▶ What is needed
An unchanged copy of each entry below is needed; keep the pictures out of it.

▶ Supplied material

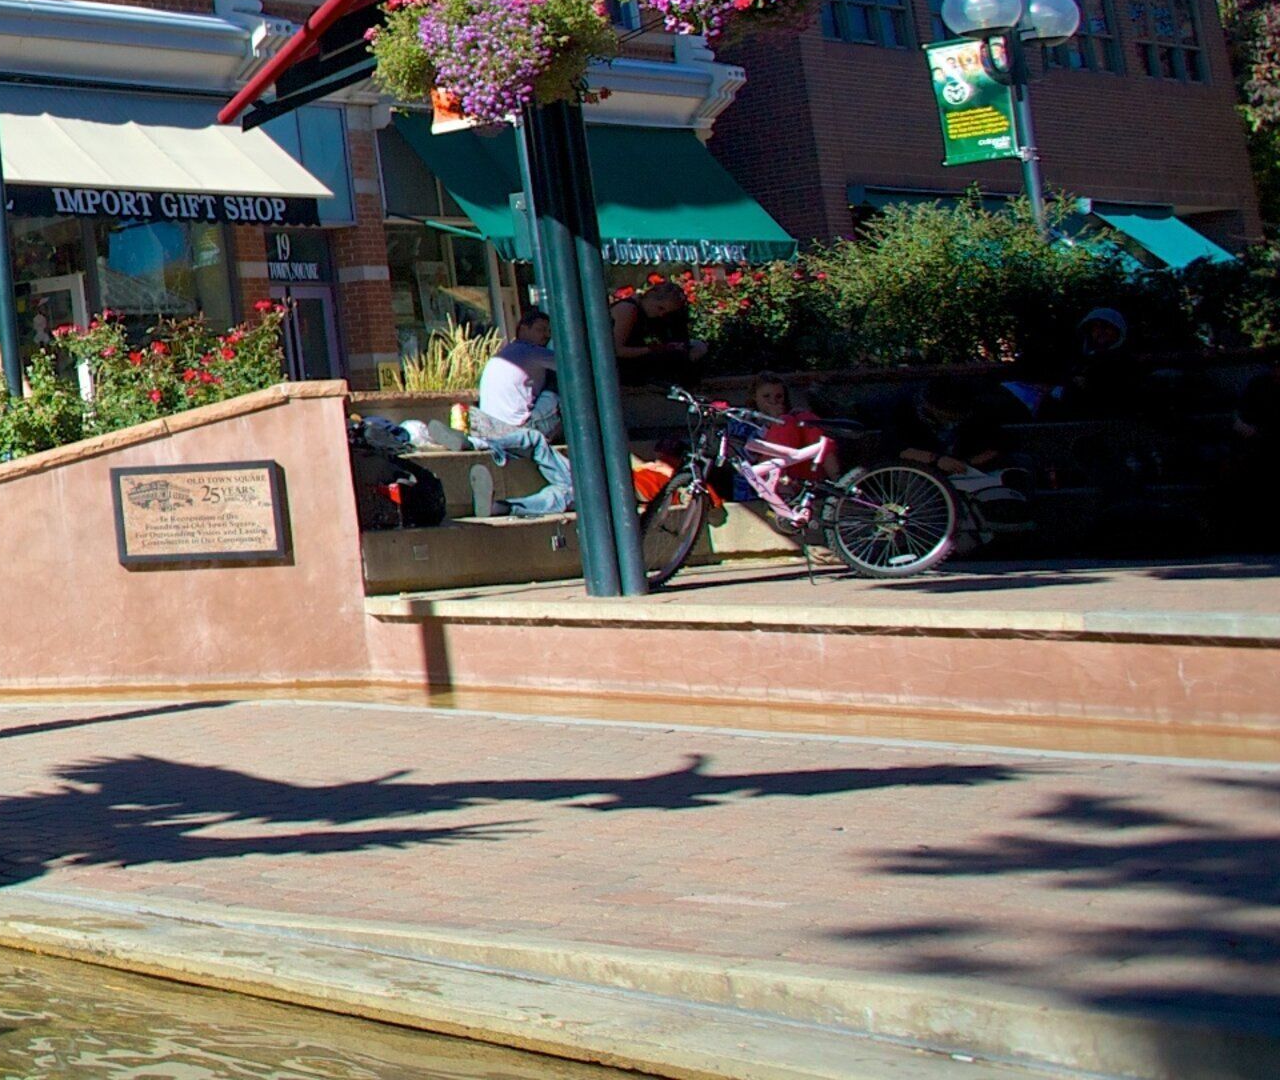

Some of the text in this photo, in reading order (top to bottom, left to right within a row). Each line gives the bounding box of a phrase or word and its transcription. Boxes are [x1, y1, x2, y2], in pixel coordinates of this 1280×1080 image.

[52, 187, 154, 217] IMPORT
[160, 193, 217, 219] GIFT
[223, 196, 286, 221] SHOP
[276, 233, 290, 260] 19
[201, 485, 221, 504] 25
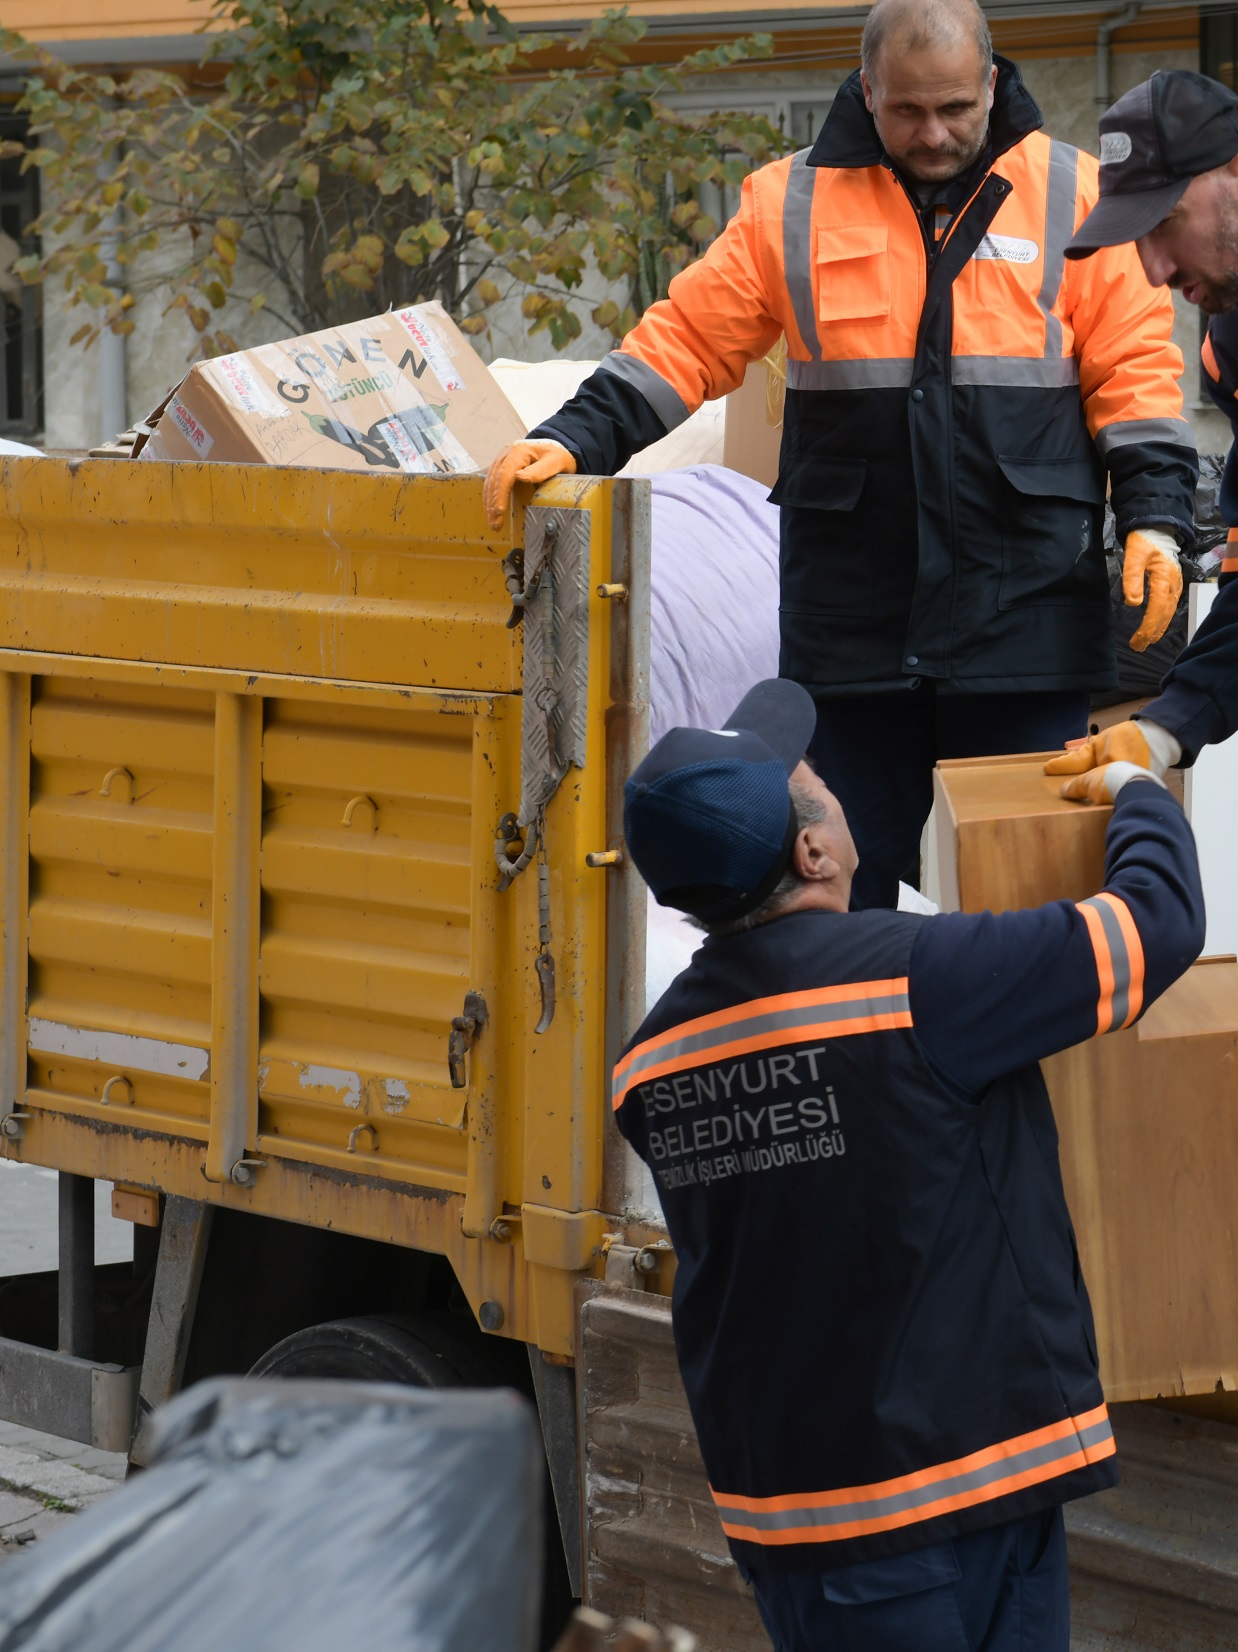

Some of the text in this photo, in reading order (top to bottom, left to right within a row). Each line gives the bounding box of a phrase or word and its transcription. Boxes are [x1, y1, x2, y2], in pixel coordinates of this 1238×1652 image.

▶ Answer section
Some of the text in this photo, in reading order (top to bottom, left to right within a row). Each line gives the bounding box of a phrase or word and its transcription. Boxes are [x1, y1, x2, y2], in pixel coordinates of this 1280×1080 image.

[52, 187, 154, 217] IMPORT
[160, 193, 217, 219] GIFT
[223, 196, 286, 221] SHOP
[276, 233, 290, 260] 19
[201, 485, 221, 504] 25

Some of the text in this photo, in reading order (top to bottom, left to right within a row). Each line gives the bounding box of a phrase or word and its transcription. Boxes are [x1, y1, x2, y2], in pixel coordinates of this 1238×1652 image.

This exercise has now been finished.